El pueblo principal, perdido en el medio de esta pampa-catástrofe derruida y corroída por la ceniza, se llama Mansilla. Esta excursión tiene algo que ver con aquella a los indios ranqueles, aunque las criaturas con las que nos cruzamos a veces no poseen su contundencia histórica. El malón, ahí, es una vieja tradición que permanece en el ambiente, un molde más, y los toldos tienden a perderse de vista bajo la ceniza. Brandsen nos presenta una especie de lejano oeste argentino con olor a azufre, donde todo parece obedecer a leyes distintas, un mundo algo bruto y salvaje, donde la violencia puede estallar en cualquier momento. No solamente la de las armas de fuego, esa de los viejos westerns, sino también una violencia más moderna, más horrífica si se quiere, la de las mutaciones genéticas, la de las experimentaciones ilegales sobre humanos. Algunos seres curiosos reptan por estas páginas; extrañamente sexuados, se los apoda “huelepedos” y no carecen de parentesco con esos bichitos por excelencia lamborghinianos llamados tadeys.

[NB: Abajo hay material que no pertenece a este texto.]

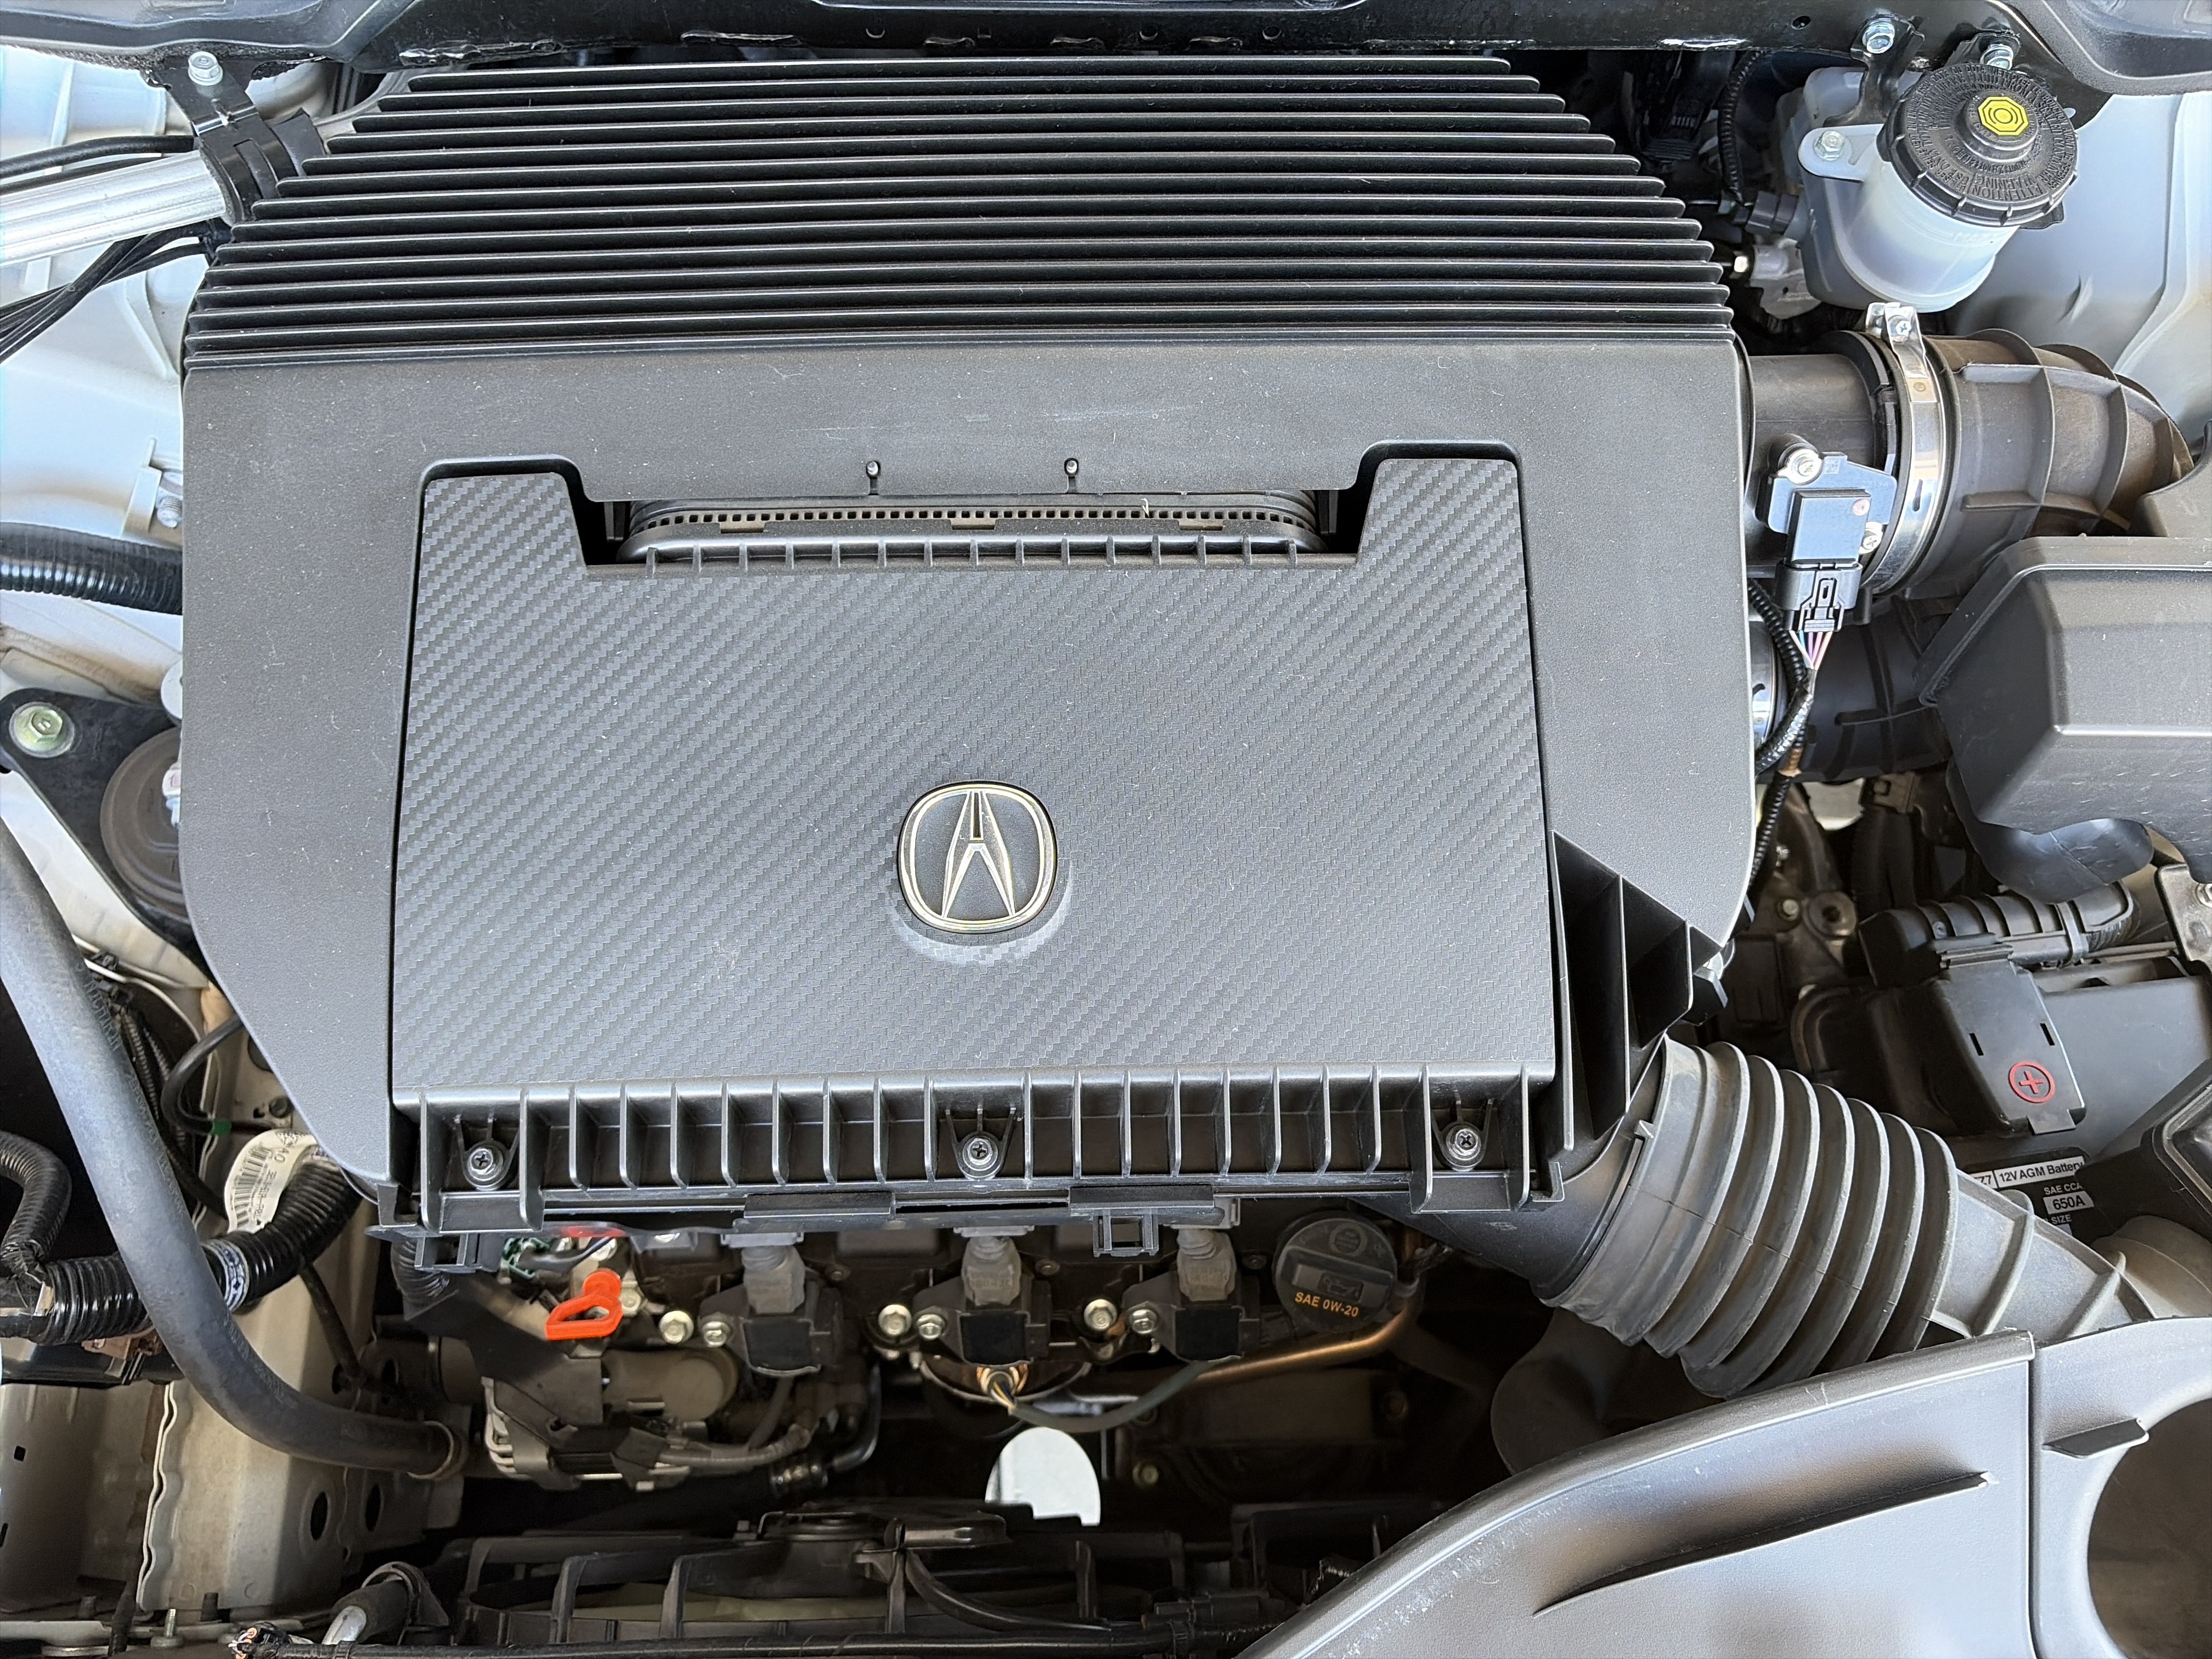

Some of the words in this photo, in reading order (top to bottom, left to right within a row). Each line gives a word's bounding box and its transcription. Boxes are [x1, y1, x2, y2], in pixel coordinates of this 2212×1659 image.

No obstante, cuando la violencia estalla finalmente, es como si no estallara del todo. Es que aquí, en el modo de narrar y de encarar la necesidad novelesca del acontecimiento, reina cierta forma de languidez, un dejarse estar, una manera de perder el tiempo, de dejarlo fluir. Por más que no rehúye del absurdo o a veces del disparate, esta novela no se construye sobre el patrón de un ir hacia adelante. Su densidad narrativa y lo que hemos llamado su clima de catástrofe permanente se ve contrariado por cierto dandismo escriturario. Algunos de los momentos de acción más densa se ven resumidos en algunas pocas palabras, como si el autor ahí se aburriera o no quisiera incurrir en lo demasiado obvio. Brandsen es, así, una novela de acción que busca eludirla, puesto que lo único que le interesa son las imágenes y su poder de insinuación. Con ella Marcel Pla ha inventado, acaso, un nuevo género posible: la novela-paseo, la novela-muestra donde el festival ininterrumpido de imágenes, como ready-mades tramposos (vistos de cerca no son tan “ready”, ni tan “made”, sino más bien todo lo contrario), apunta hacia lo único que importa después de todo: la experiencia poética.